Mighton pronounces the name as if it’s Meryl Streep or something. Sainted but fallible, teasable, even laughable; honoured all the same. “She picked me up at the train, I thought she was coming here tonight.”

“Did she show you the flyer for your class? Must not be finished yet.” Hugh shakes his head. “We’re behind—it’s my fault. We’ll sell out anyway, nine spots are booked.”

This brings a lift to Mighton’s falling face. “They haven’t forgotten me?”

“I repacked one of your boxes the other night,” Hugh says. “I found a sketch for that portrait you did of Ann and Della and Newell intertwined. I want a new one of them now.”

Mighton laughs, and his face breaks from self-absorption into something quite different: sharp, lively, sensitive. Maybe he’s just sour because
he’s unhappy. “Where is that thing? But I don’t revisit,” he says. “You do it, Hugh. You’d do a better job—you love them.”

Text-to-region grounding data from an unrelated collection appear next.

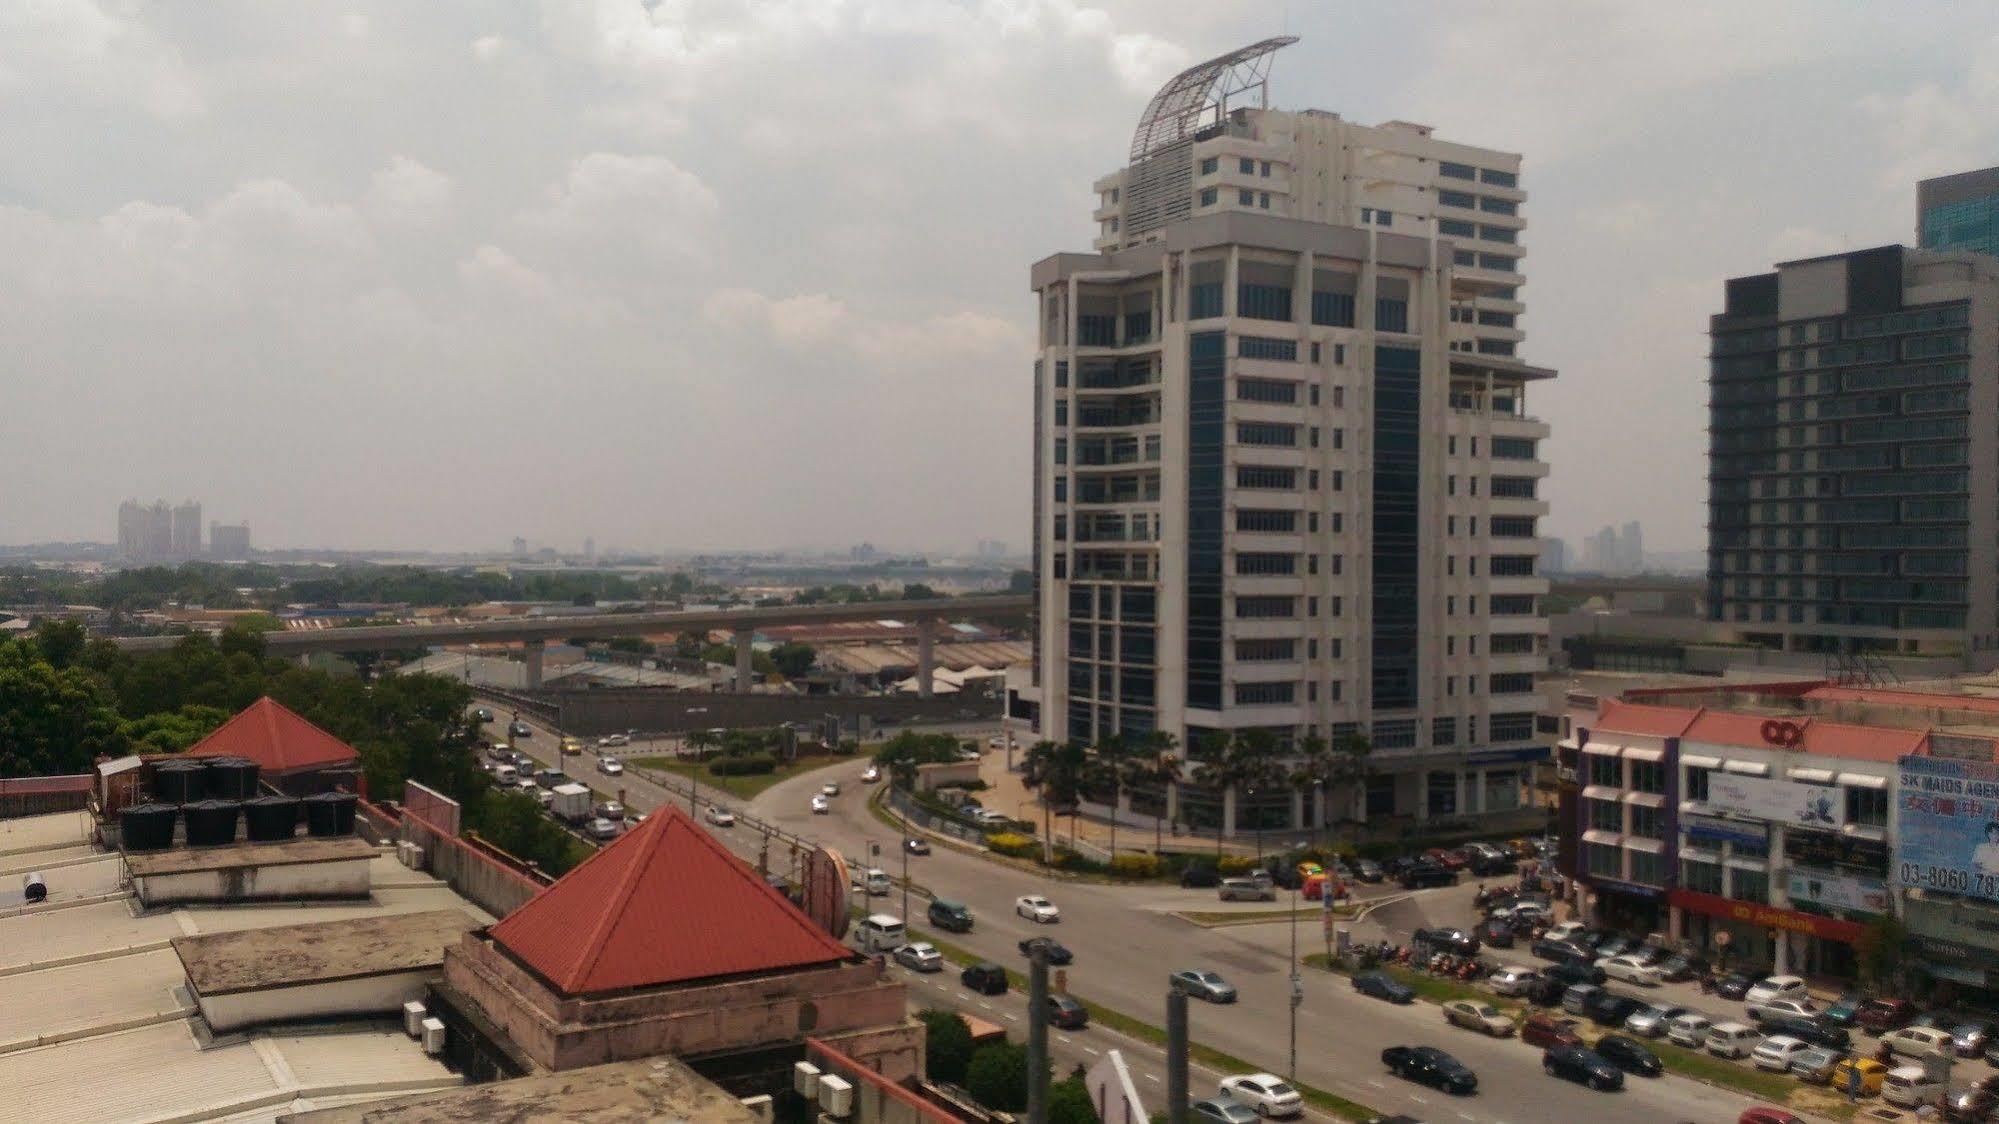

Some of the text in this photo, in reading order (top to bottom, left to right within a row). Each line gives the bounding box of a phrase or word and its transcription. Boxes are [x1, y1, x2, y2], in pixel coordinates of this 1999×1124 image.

[1922, 776, 1962, 794] MAIDS
[1901, 862, 1999, 899] 03-8060 78
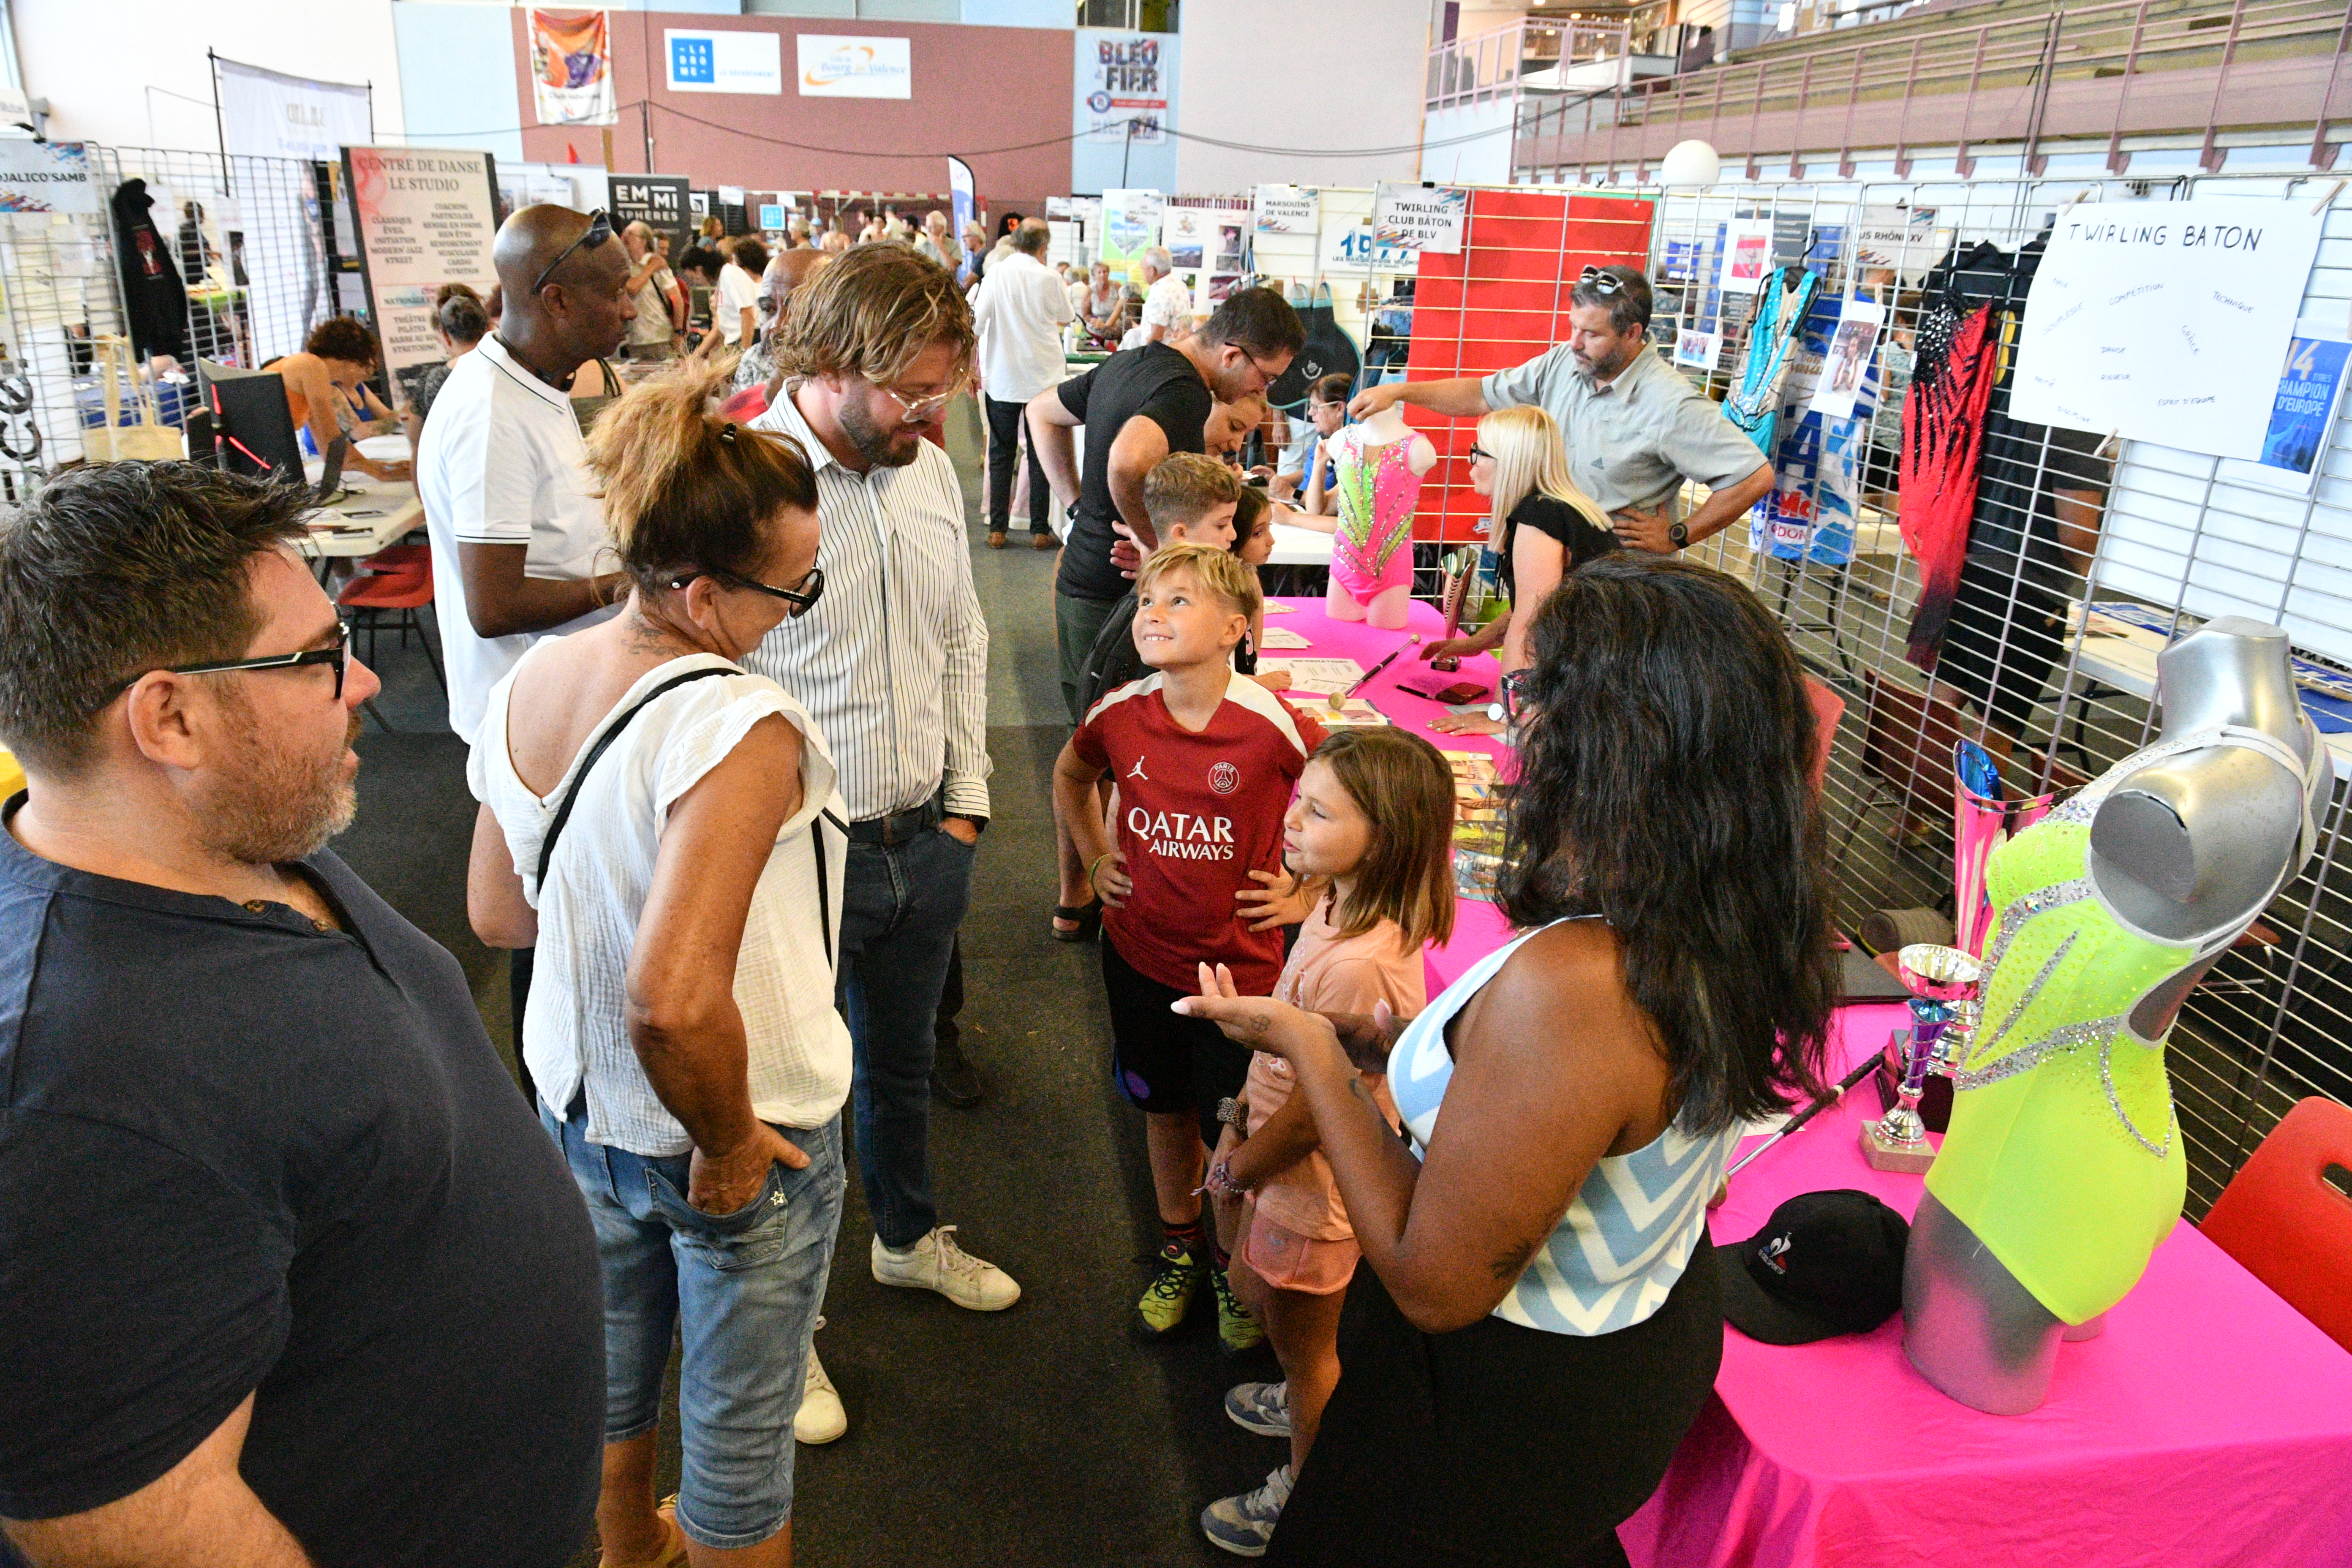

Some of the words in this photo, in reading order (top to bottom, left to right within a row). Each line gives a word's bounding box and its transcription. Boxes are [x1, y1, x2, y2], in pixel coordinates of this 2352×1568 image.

[358, 157, 414, 170] CENTRE
[417, 161, 435, 171] DE
[438, 161, 482, 174] DANSE
[389, 177, 406, 190] LE
[409, 179, 459, 191] STUDIO
[615, 185, 649, 201] EM
[653, 193, 678, 209] MI
[1266, 200, 1310, 208] MARSOUINS
[1395, 202, 1449, 214] TWIRLING
[1278, 210, 1309, 218] VALENCE
[1388, 215, 1415, 225] CLUB
[1418, 214, 1452, 227] BÂTON
[1402, 229, 1415, 237] DE
[1418, 230, 1437, 239] BLV
[1910, 234, 1923, 242] XV
[2069, 218, 2167, 245] TWIRLING
[2183, 225, 2263, 251] BATON
[2109, 282, 2164, 306] COMPÉTITION
[2212, 291, 2254, 314] TECHNIQUE
[2281, 339, 2321, 380] 14
[2276, 396, 2325, 417] D'EUROPE
[1214, 764, 1234, 773] PARIS
[1128, 807, 1234, 842] QATAR
[1149, 838, 1233, 860] AIRWAYS

“Not all of them,” Hugh protests, and Mighton sends a sharkish glance to Ann, rapt in conversation with Lise Largely: two fair women pretending (to Ivy’s own shark eye) to be unaware, but listening with all their ears to Mighton and his jabs.

Hugh pulls Ivy’s elbow to find seats of their own, and they go down the long curve of the bar to empty stools at the other end. “What’s his deal?” Ivy asks, nodding back to Mighton.

“He’s not so bad. He’s got Crohn’s disease; gut-ache half the time. Makes him surly, also appealingly vulnerable.”

The waitress brings them water and a single malt, neat, for Hugh. She takes Ivy’s order for a drink (the same, neat, thanks) and Hugh’s for food: calamari for both of them.

“Trust me,” he says. “Best you’ll ever eat.”

Ivy’s happy, sitting beside Hugh on old Windsor bar-chairs in this dark-loud-warm room. No demands being made on her, no need for lipstick or chic-er clothes than her nice coat—for anything but the warmth of Hugh’s arm, the closeness of his leg beside her own beneath the bar. The whiskey comes, and then the calamari, dredged in Cajun spice, perfect as promised.